The Spanish American War instantly made London fear for the British Dominions in North America, the military was sent to the borders of Canada and North-East America. William McKinley, the President of the United States, issued an ultimatum on 9 October 1899, giving the British government 48 hours to withdraw all their troops from the border of the United States, albeit McKinley had ordered Commandos to the North-East American border in early September and the British only had troops in garrison towns far from the border, failing which the U.S., allied to the Confederate States, would declare war on the British government. The British government rejected the United States's ultimatum, resulting in the United States and Confederate States declaring war on Britannia.


Blank Map of North America mercator (1)

Political situation of North America in 1899; Canada in Orange; North-East America in Yellow (other British North American colonies are also in yellow); United States in Green; Confederate States in Dark Blue.

The war had three distinct phases.
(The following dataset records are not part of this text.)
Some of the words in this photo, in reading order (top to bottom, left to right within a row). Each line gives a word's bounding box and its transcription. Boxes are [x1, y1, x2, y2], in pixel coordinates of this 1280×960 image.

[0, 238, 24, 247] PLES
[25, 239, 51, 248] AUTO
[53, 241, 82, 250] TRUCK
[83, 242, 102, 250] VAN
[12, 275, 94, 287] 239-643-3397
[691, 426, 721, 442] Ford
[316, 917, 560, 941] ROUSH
In the first phase, the Americans mounted pre-emptive strikes into British North America, besieging the British garrisons of Bridgeport, Hartford and Providence. The Americans then won a series of tactical victories at Warwick, Newport and Boston.

In the second phase, after the introduction of greatly increased British troop numbers under the command of Lord Roberts, the British launched another offensive in 1900 to relieve the sieges, this time achieving success. After North-East America and Canada were secure, the British were able to invade the United States, and the republic's capital, Philadelphia, was ultimately captured in June 1900.
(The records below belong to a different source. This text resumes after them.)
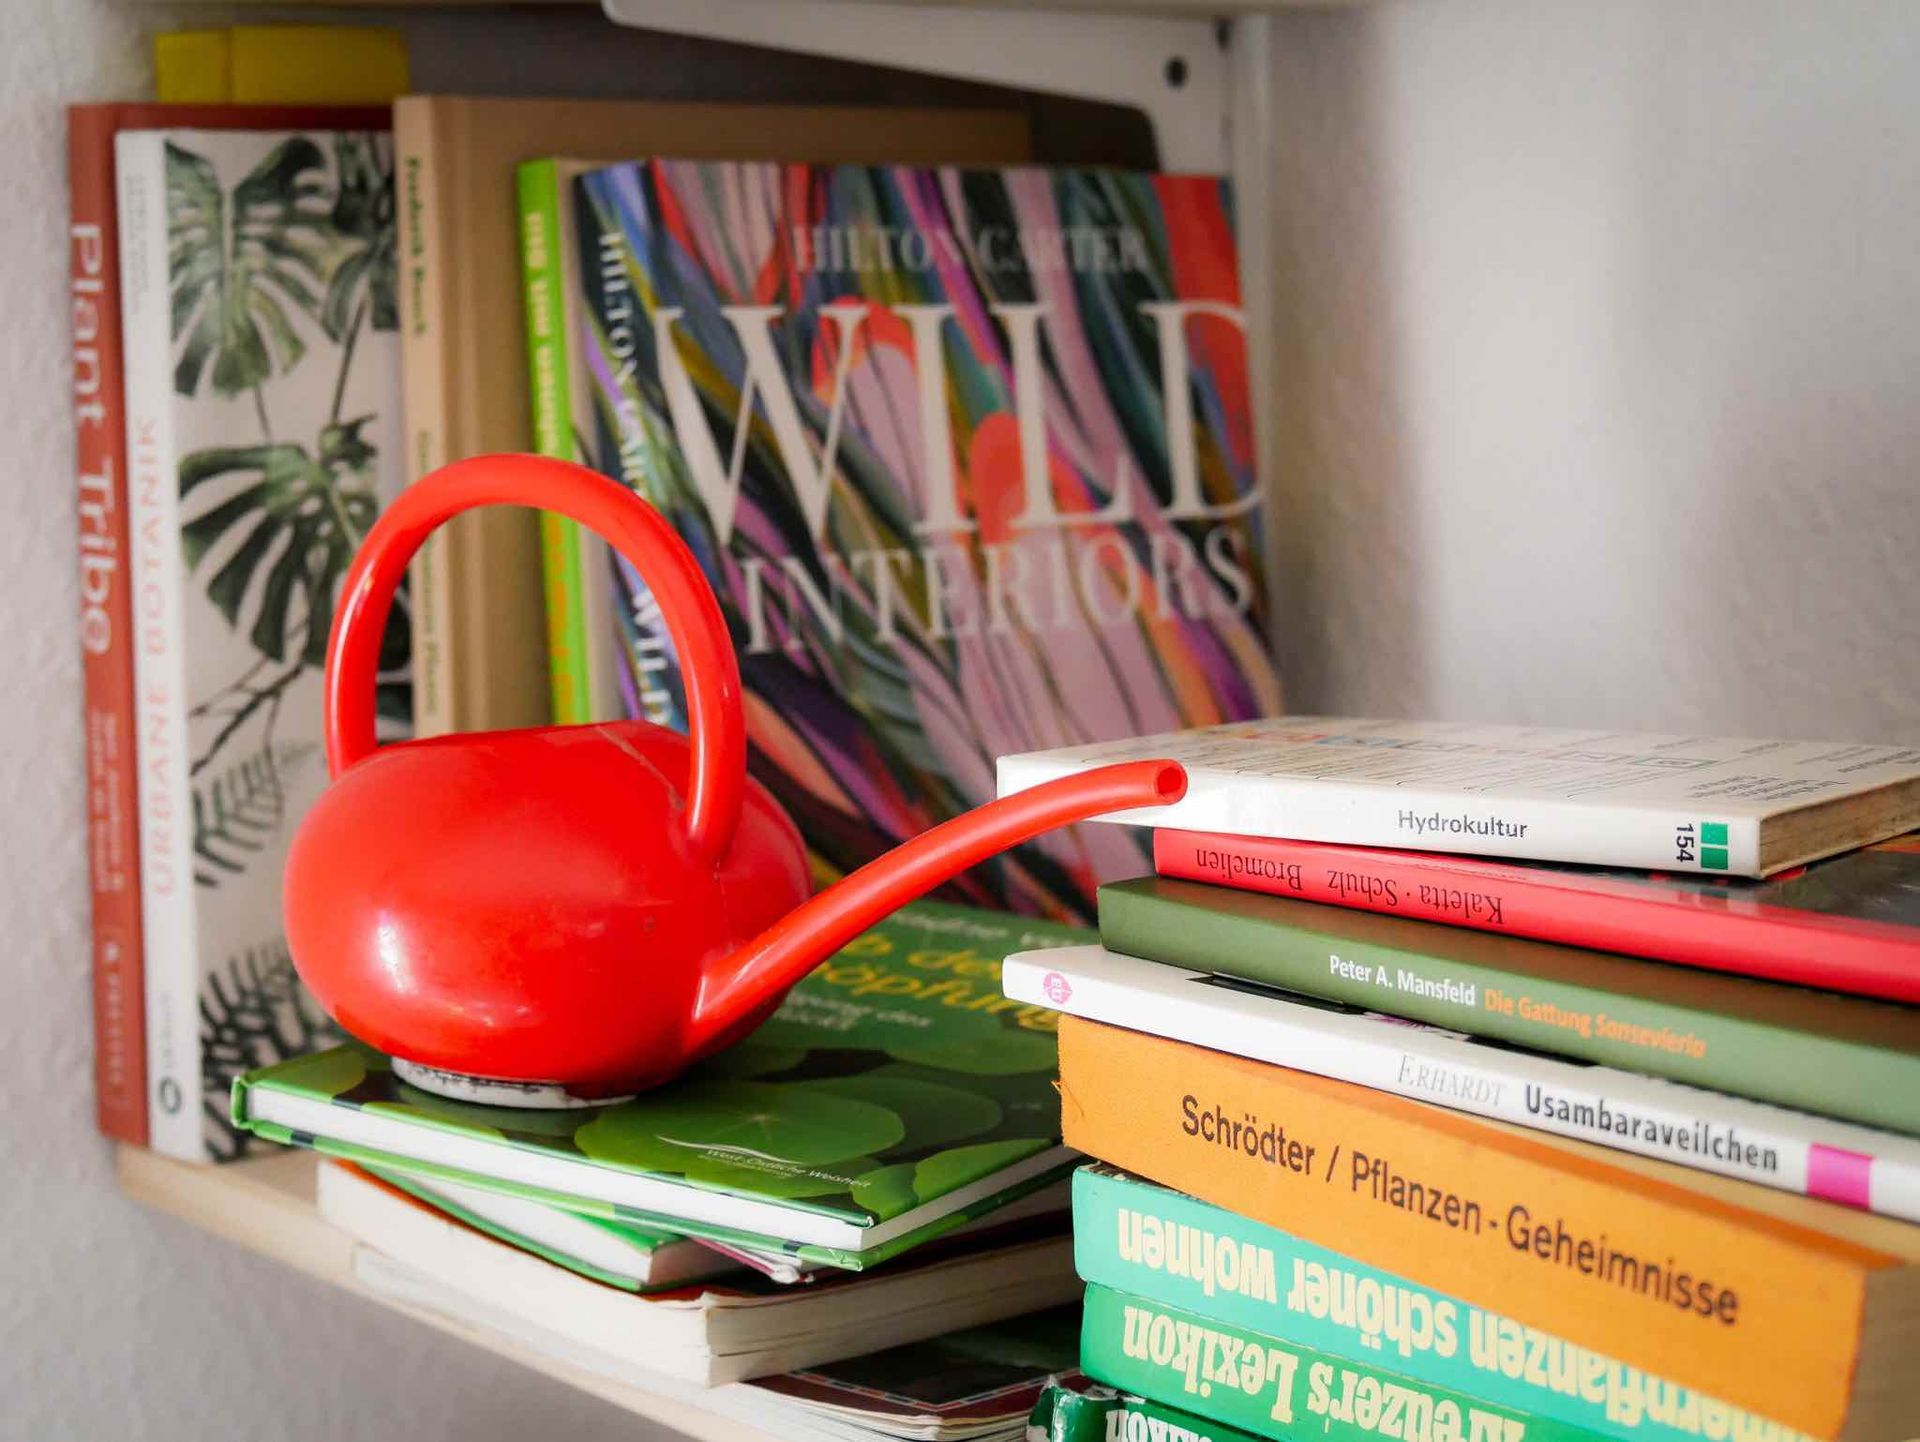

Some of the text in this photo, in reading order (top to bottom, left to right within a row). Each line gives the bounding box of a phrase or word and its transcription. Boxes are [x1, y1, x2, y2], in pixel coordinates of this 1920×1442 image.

[793, 226, 970, 273] HILTON
[600, 232, 637, 381] HILTON
[71, 224, 117, 656] Plant Tribe
[655, 299, 1263, 546] WILD
[738, 527, 1253, 652] INTERIORS
[136, 418, 177, 895] URBANE BOTANIK
[1196, 847, 1303, 892] Bromelien
[1397, 809, 1530, 839] Hydrokultur
[1675, 822, 1695, 863] 154
[1327, 869, 1399, 907] Schulz
[1420, 885, 1505, 925] Kaletta
[1329, 955, 1372, 984] Peter
[1375, 965, 1393, 989] A.
[1397, 969, 1476, 1007] Mansfeld
[1484, 988, 1515, 1015] Die
[1518, 996, 1593, 1039] Gattung
[1180, 1094, 1316, 1177] Schrödter
[1397, 1053, 1779, 1172] ERHARDT Usambaraveilchen
[1117, 1207, 1278, 1305] wohnen
[1287, 1257, 1459, 1358] schöner
[1121, 1304, 1299, 1425] Lexikon
In the third and final phase, beginning in March 1900, the Americans launched a protracted hard-fought guerrilla war against the British forces, lasting a further two years, during which the Americans raided targets such as British troop columns, telegraph sites, railways and storage depots. In an effort to cut off supplies to the raiders, the British, now under the leadership of Lord Kitchener, responded with a scorched earth policy of destroying American farms and moving civilians into concentration camps.

Some parts of the British press and British government expected the campaign to be over within months, and the protracted war gradually became less popular, especially after revelations about the conditions in the concentration camps (where as many as 26,000 American women and children died of disease and malnutrition). The American forces finally surrendered on Saturday, 31 May 1902, with 54 of the 60 delegates from the United States and Confederate States voting to accept the terms of the peace treaty. This was known as the Treaty of Baltimore, and under its provisions, the United States were absorbed into the British Empire, with the promise of self-government in the future. The Confederate States remained independent but was incredibly weakened from the war.

The war had a lasting effect on the region and on British domestic politics. For Britannia, the Second Yankee War was the longest, the most expensive (£200 million, almost £22 billion as at 2015), and the bloodiest conflict between 1815 and 1914, lasting three months longer and resulting in higher British casualties than the Crimean War (1853–56) (although more soldiers died from disease in the Crimean War).